Versions[edit | edit source]

2.1 (development) - used on all Wikimedia Foundation wikis
Features:
  • Result Highlighting
  • "Did you mean.." type query correction. AKA spell checking.
  • Advanced ranking capabilities based on term proximity, relatedness and anchor text.
2.0.2 (stable) c.f. Extension:Lucene-search/2.0 docs
Features:
  • Distributed search
  • Scalability
  • Basic ranking,
  • Accentless search

The following documentation is for the latest development version (2.1). The old documentation is at Extension:lucene-search/2.0 docs.

Requirements[edit | edit source]

  • Linux
  • Java 6+ Jdk (OpenJDK or Sun)
  • Apache Ant 1.6 (for building from source)
  • Rsync (required for distributed architecture)
  • Subversion client

Note to Windows users: From version 2.0 onward, the LSearch daemon doesn't support the Windows platform (since it uses hard and soft file links). You can still use the old daemon written in C#. See the installation instructions.

Installation[edit | edit source]

Single Host Setup (MediaWiki & Lucene-Search On The Same Host)[edit | edit source]

1. If using MediaWiki version 1.17 or before, ensure that AdminSettings.php is set up. AdminSettings.sample must be renamed AdminSettings.php, and modified so that it contains:

 $wgDBadminuser = "database_admin_username";
 $wgDBadminpassword  = "database_admin_password";

2. Get Lucene-search to /usr/local/search/ls2

  • Download the binary release from and unpack it.
  • Download the source from subversion
    • run "ant" to build the jar. Note recommended.
  ant

3. Generate configuration files by running:

 ./configure <path to mediawiki root directory>
This script will examine your MediaWiki installation, and generate configuration files to match your installation. Before configure, you may customize some options in template/simple/lsearch-global.conf, for example language option. These options are explained below.

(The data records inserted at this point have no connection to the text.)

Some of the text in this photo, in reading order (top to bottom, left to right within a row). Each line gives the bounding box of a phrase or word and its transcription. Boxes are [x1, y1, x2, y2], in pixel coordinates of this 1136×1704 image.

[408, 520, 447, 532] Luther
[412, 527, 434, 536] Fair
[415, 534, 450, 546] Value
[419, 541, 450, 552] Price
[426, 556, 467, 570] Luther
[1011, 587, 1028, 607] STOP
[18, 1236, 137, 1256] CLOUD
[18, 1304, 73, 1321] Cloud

4. If everything went without exception, build indexes

 ./build
This will build search, highlight and spellcheck indexes from a xml database dump.
  • For small wikis, just put this script into daily cron and your installation is done (i.e. skip the ./update step below, since small wikis don't need the OAIRespository extension).
  • For larger wikis, install Extension:OAIRepository MediaWiki extension and after building the initial index use incremental updater:
 ./update
This will fetch latest updates from your wiki, and update various indexes with search, page links and spell check data. Put this into daily cron to keep the indexes up-to-date.

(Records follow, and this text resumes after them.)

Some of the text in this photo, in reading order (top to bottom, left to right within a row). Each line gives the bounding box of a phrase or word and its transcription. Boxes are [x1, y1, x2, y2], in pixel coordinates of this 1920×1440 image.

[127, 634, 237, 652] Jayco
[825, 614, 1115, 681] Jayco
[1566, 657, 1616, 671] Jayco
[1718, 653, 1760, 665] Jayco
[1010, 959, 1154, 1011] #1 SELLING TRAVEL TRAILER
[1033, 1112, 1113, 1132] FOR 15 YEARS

5. Start the daemon. Do this by running:

 ./lsearchd
Note: The Lucene-search daemon needs to be started in order for searching to work and does not install an init.d script to start the program automatically on boot. As noted in this post, an init.d script can be created manually and added to the startup queue with a separate command. This should not be version specific but has been tested to work in 10.04 and 12.04LTS. Alternately, this rc.local entry (tested in Ubuntu 12.04 LTS) can be used.
Use the optional command line parameter -configfile to specify the path the lsearch.conf file you wish to use. This is handy when using the absolute path to lsearchd.
 /opt/lucene-search/lsearchd -configfile /opt/lucene-search/lsearch.conf

6. Install Extension:MWSearch and make sure to set $wgLuceneSearchVersion = 2.1.

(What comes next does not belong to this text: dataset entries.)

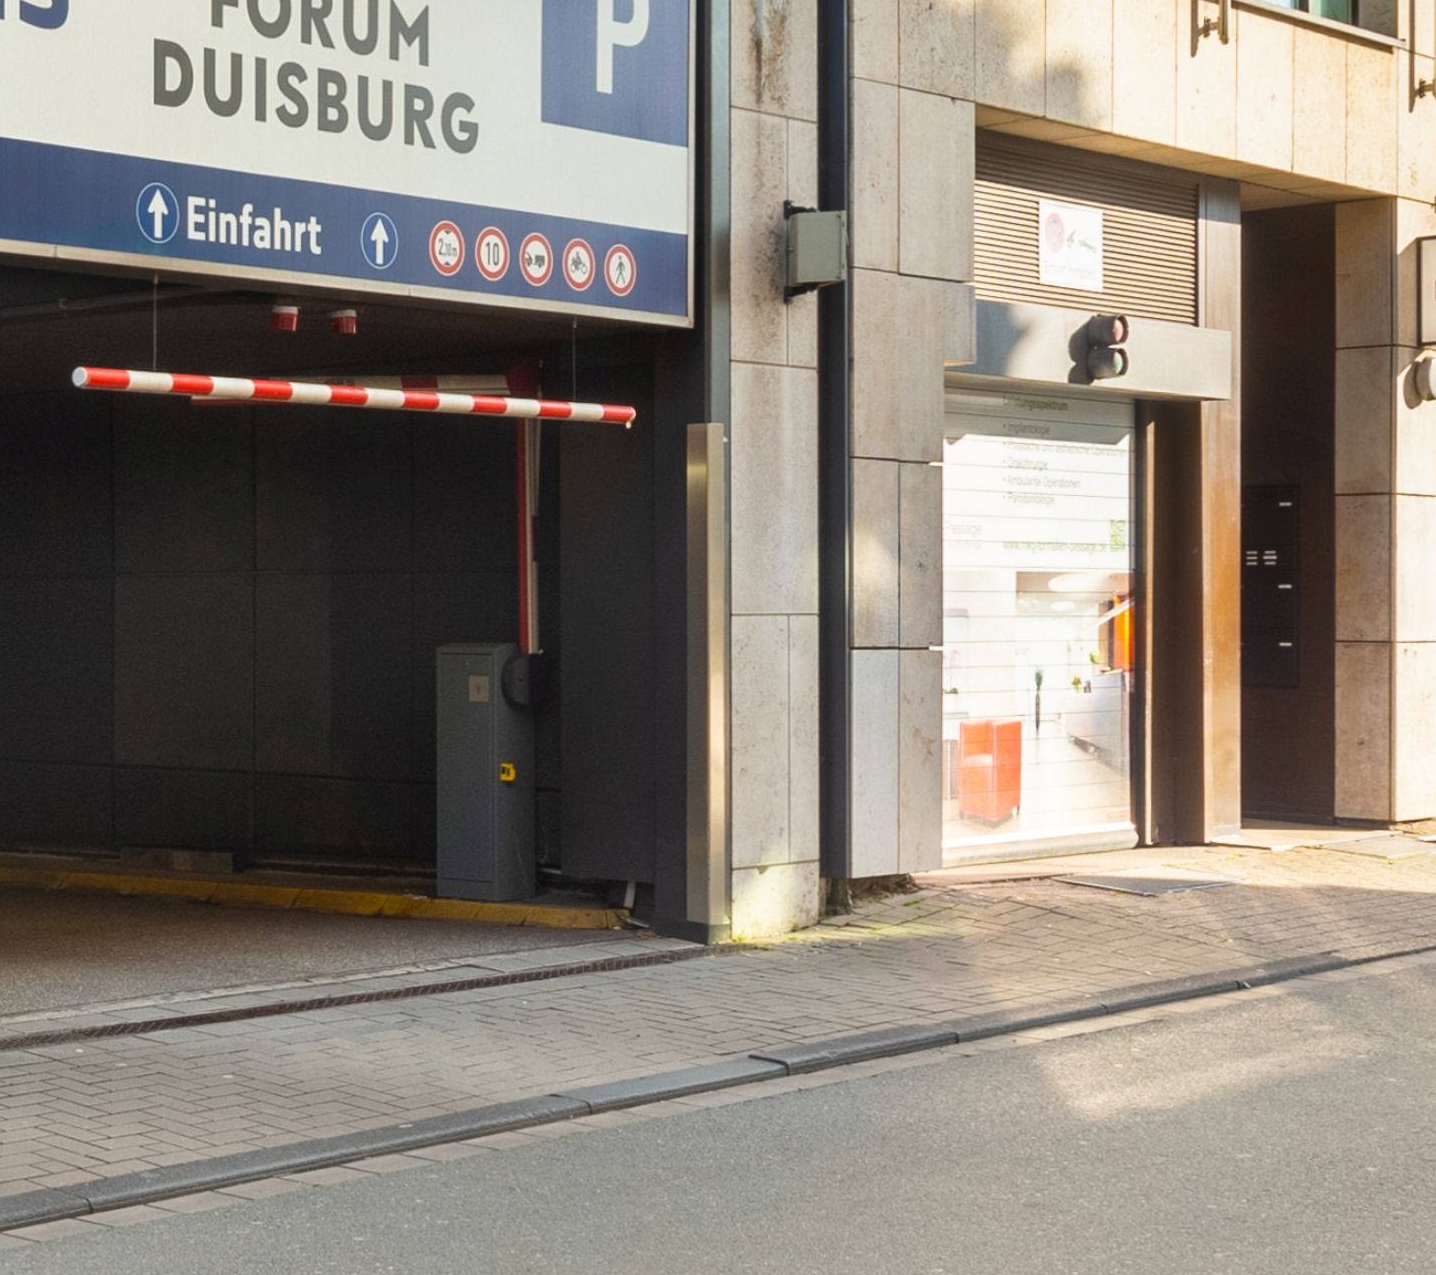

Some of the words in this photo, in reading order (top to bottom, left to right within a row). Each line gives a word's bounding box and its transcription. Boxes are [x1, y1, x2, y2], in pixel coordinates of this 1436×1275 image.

[152, 37, 480, 155] DUISBURG
[186, 195, 323, 256] Einfahrt
[485, 241, 500, 267] 10
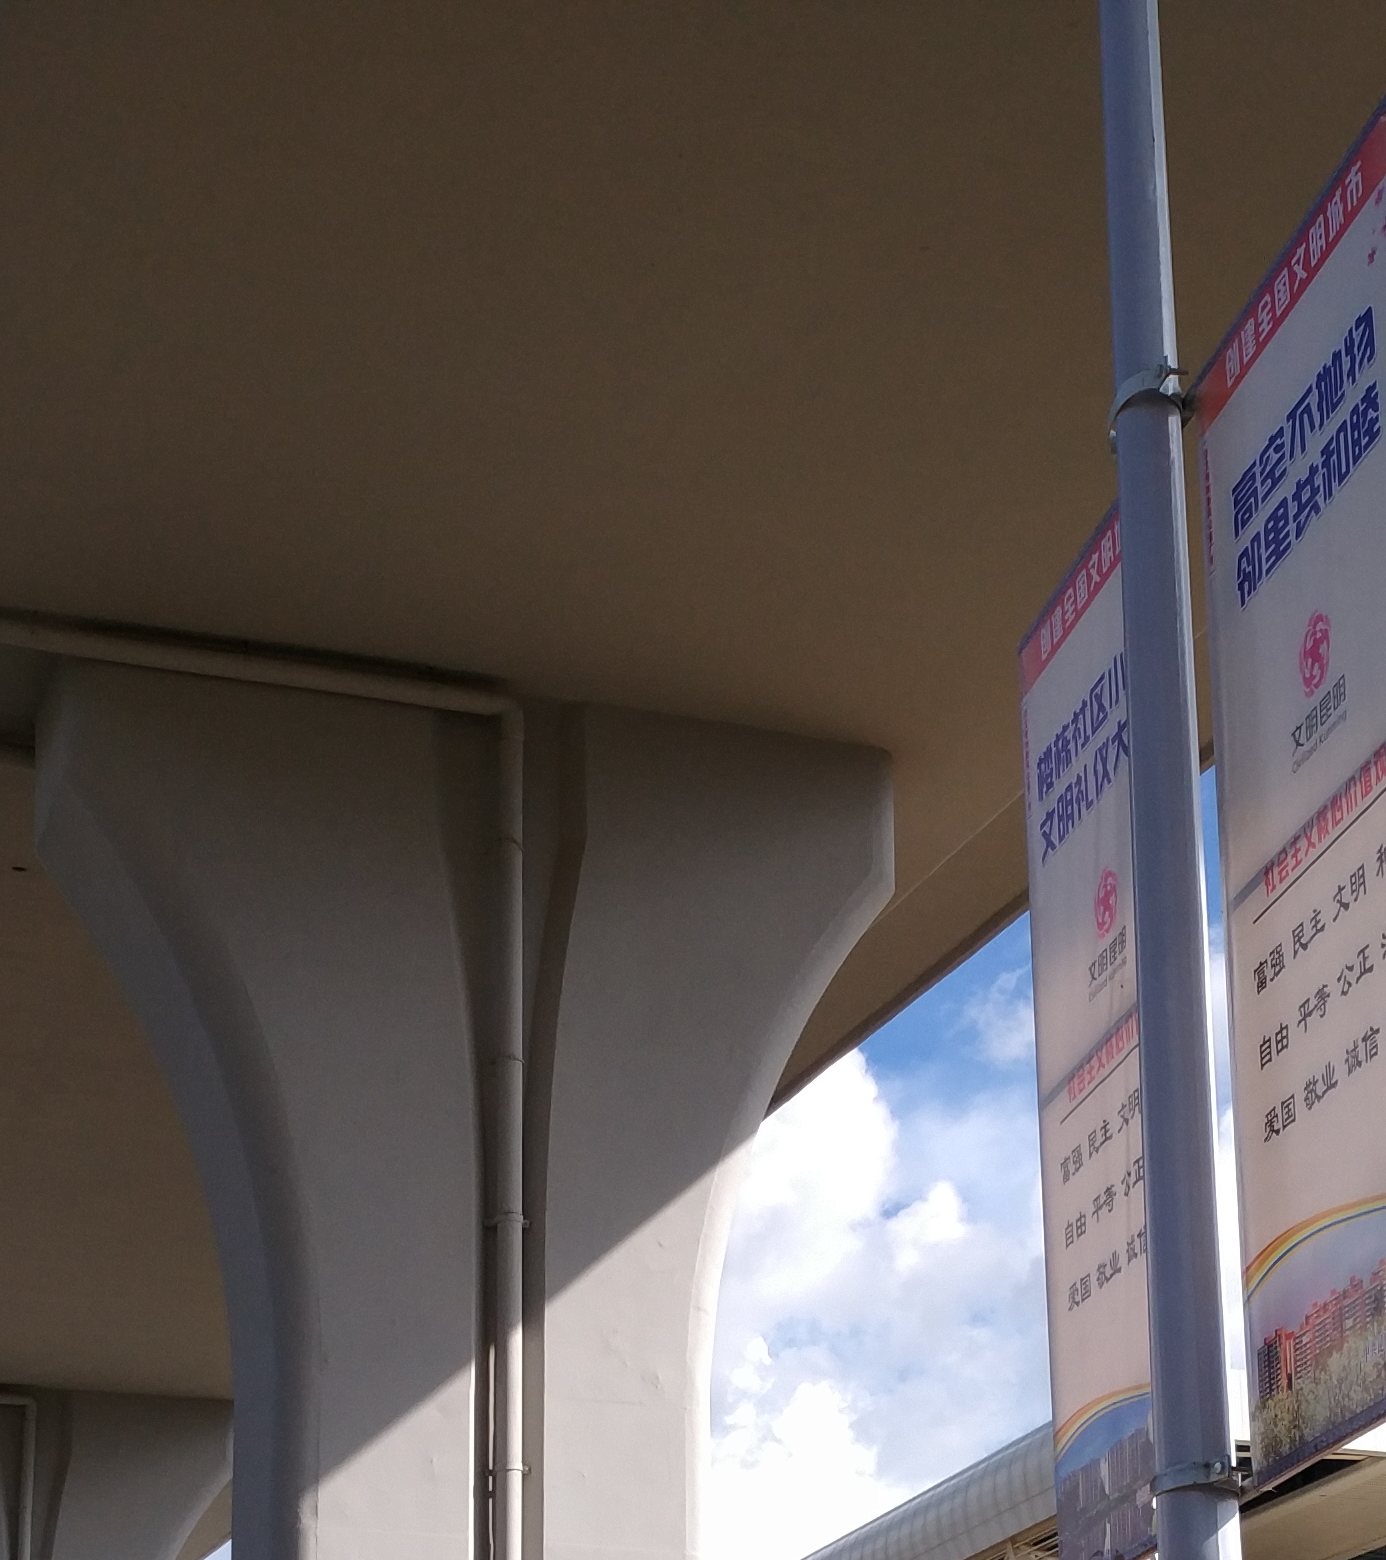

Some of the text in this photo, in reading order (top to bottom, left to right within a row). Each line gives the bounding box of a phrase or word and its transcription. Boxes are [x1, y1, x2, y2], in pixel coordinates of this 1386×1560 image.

[1225, 160, 1362, 388] 创建全国文明城市
[1232, 306, 1377, 542] 高空不抛物
[1237, 380, 1382, 611] 邻里共和睦
[1291, 674, 1346, 757] 文明昆明
[1040, 718, 1130, 867] 文明礼仪大
[1088, 925, 1127, 988] 文明昆明
[1253, 942, 1286, 995] 富强
[1292, 909, 1326, 960] 民主
[1333, 863, 1367, 923] 文明
[1067, 1012, 1139, 1103] 社会主义核心价
[1259, 1023, 1289, 1071] 自由
[1297, 984, 1331, 1033] 平等
[1337, 944, 1374, 997] 公正
[1060, 1088, 1141, 1185] 富强 民主 文明
[1264, 1093, 1296, 1143] 爱国
[1304, 1061, 1338, 1111] 敬业
[1345, 1026, 1380, 1077] 诚信
[1065, 1156, 1144, 1250] 自由 平等 公正
[1068, 1272, 1092, 1311] 爱国
[1096, 1250, 1122, 1290] 敬业

7. Once the indexes have been built and MWSearch installed, run the daemon:

 ./lsearchd

The daemon will listen on port 8123 for incoming search requests from MediaWiki, and on port 8321 for incoming incremental updates for the index. MWSearch extension will reroute all search requests to this daemon.

You may simply test the search result by browsing to the HTTP URL like,

http://<hostname>:8123/search/<database_name>/<your_test_query>

For example, http://localhost:8123/search/wikidb/hello.

Dual Host Setup (MediaWiki & Lucene-Search On Different Hosts)[edit | edit source]

  1. Install search in the MediaWiki host.
  2. Ensure that Java is installed on the new indexer host.
  3. In lsearch-global.conf in [Index] section. Replace the search host name in this section by the new indexer host name.
  4. Copy your lucene-search installation (with config files and indexes) to the new indexer host
  5. On the indexer, edit /etc/rsyncd.conf and add these lines:
 [search]
 path = <put your local path to indexes here>
 comment = Lucene Search 2 index data
 read only

The local path to indexes is just the indexes/ subdirectory of your lucene-search installation on the indexer.

  • Run rsyncd via rsync --daemon
  • transfer the appropriate cron jobs to indexer (e.g. build or update)
  • (re)start lsearchd on indexer and searcher

After new index is built on the indexer (e.g. via a daily cronjob), searcher will pick it up, transfer it and use it.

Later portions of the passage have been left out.